Gene therapy involves inserting functional copies of the damaged genes into the patient’s cells. Researchers are investigating strategies to employ gene therapy to increase the production of the survival motor neuron protein (SMN). Gene therapy has been demonstrated in animal experiments to raise SMN levels and enhance motor function in mice with ALS symptoms.

Recent Breakthroughs in ALS Research

Novel Genes

Novel ALS-related genes, including C9orf72, TBK1, and NEK1, have been discovered recently (doi: 10.1016/S1474-4422(17)30401-5). The clinical implications of these genetic mutations are still being studied. However, it is a significant step towards a better understanding which can aid the development of effective treatments. 

Stem Cell Therapy

Stem cells can differentiate within the body into several cell types. The cells that control muscular movement, known as motor neurons, can be replaced by stem cells in ALS patients.

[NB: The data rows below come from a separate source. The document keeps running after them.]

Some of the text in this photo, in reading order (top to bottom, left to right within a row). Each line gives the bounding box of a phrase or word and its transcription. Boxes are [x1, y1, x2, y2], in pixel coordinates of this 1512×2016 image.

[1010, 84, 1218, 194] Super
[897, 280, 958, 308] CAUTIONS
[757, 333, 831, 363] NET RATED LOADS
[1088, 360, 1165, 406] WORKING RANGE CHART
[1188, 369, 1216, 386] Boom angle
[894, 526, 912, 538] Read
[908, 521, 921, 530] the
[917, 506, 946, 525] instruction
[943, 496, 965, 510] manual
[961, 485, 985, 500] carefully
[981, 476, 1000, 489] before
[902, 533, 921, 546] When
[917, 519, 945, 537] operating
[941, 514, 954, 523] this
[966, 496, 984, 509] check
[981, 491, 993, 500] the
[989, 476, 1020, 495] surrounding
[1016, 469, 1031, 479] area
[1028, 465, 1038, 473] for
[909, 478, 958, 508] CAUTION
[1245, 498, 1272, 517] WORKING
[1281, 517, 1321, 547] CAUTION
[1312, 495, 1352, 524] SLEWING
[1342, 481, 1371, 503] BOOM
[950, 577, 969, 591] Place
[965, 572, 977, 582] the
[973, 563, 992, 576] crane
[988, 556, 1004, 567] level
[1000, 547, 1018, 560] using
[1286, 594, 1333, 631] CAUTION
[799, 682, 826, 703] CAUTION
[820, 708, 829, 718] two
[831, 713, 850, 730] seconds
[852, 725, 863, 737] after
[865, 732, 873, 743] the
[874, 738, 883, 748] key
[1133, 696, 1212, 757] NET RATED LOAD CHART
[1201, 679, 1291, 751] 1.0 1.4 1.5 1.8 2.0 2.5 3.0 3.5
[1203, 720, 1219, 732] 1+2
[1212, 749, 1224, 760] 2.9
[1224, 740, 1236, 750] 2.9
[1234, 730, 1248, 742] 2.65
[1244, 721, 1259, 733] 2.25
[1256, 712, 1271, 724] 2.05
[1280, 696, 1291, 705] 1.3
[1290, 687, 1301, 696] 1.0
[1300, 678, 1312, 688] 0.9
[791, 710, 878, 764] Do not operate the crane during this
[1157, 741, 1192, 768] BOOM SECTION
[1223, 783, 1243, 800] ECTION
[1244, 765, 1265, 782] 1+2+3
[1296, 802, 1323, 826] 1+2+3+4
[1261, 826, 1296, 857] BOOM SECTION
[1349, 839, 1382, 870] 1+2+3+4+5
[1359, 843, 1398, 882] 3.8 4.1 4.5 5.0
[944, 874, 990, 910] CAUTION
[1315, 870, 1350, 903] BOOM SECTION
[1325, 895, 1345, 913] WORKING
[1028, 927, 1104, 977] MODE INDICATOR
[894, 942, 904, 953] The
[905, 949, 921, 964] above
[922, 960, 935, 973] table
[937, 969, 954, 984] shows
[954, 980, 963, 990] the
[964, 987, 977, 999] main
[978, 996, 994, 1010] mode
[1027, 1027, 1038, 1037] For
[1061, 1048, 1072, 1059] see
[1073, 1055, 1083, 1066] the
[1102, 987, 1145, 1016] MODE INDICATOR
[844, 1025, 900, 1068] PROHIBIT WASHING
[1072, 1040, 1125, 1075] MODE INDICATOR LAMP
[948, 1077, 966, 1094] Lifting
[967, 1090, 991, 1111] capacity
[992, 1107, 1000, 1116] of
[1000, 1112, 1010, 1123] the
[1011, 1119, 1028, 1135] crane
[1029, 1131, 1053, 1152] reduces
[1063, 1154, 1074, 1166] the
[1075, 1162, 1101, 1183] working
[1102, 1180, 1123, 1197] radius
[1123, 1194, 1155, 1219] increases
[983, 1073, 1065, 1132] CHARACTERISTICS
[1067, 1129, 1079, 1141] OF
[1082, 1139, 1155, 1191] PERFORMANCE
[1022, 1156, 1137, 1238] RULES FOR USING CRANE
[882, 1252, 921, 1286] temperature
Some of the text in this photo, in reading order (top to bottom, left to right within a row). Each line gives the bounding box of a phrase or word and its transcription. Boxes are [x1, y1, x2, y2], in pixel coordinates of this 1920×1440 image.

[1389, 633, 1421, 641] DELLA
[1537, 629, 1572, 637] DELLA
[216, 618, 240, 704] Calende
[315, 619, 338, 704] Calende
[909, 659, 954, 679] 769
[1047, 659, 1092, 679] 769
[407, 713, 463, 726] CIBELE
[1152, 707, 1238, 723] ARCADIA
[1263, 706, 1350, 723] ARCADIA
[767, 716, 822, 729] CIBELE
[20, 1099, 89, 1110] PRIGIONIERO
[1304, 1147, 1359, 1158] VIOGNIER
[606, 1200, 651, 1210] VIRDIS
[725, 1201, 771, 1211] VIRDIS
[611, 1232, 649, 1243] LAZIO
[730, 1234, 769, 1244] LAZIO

Due to the potential of regenerating damaged motor neurons, stem cell therapy has demonstrated promise in ALS treatment.

Recent research has hypothesized that patients who receive stem cell therapy can have better muscle functions and may live longer (doi: 10.1080/13543784.2019.1627324). Additional research on how genome editing might improve stem cell therapy as a potential treatment is ongoing.

Hope for ALS Patients: Promising New Treatments on the Horizon

Although all these novel therapies are still in the research and testing phases, they represent a ray of hope for patients and their families. Researchers are working to understand the underlying causes of amyotrophic lateral sclerosis and create novel approaches. So, there is grounds for optimism regarding future treatments for the disorder.

In Conclusion

The focus of the question, What is ALS disease” has transitioned from its definition to the search for a cure. Although there is no known cure for the disorder, notable treatments slowing its progression have been developed. Among them, the use of stem cells and gene therapy has demonstrated promise in improving the disease symptoms and patients’ quality of life. Thanks to ongoing research and advancements in treatment, there is a chance that ALS may one day be curable. How long do you think this process can take?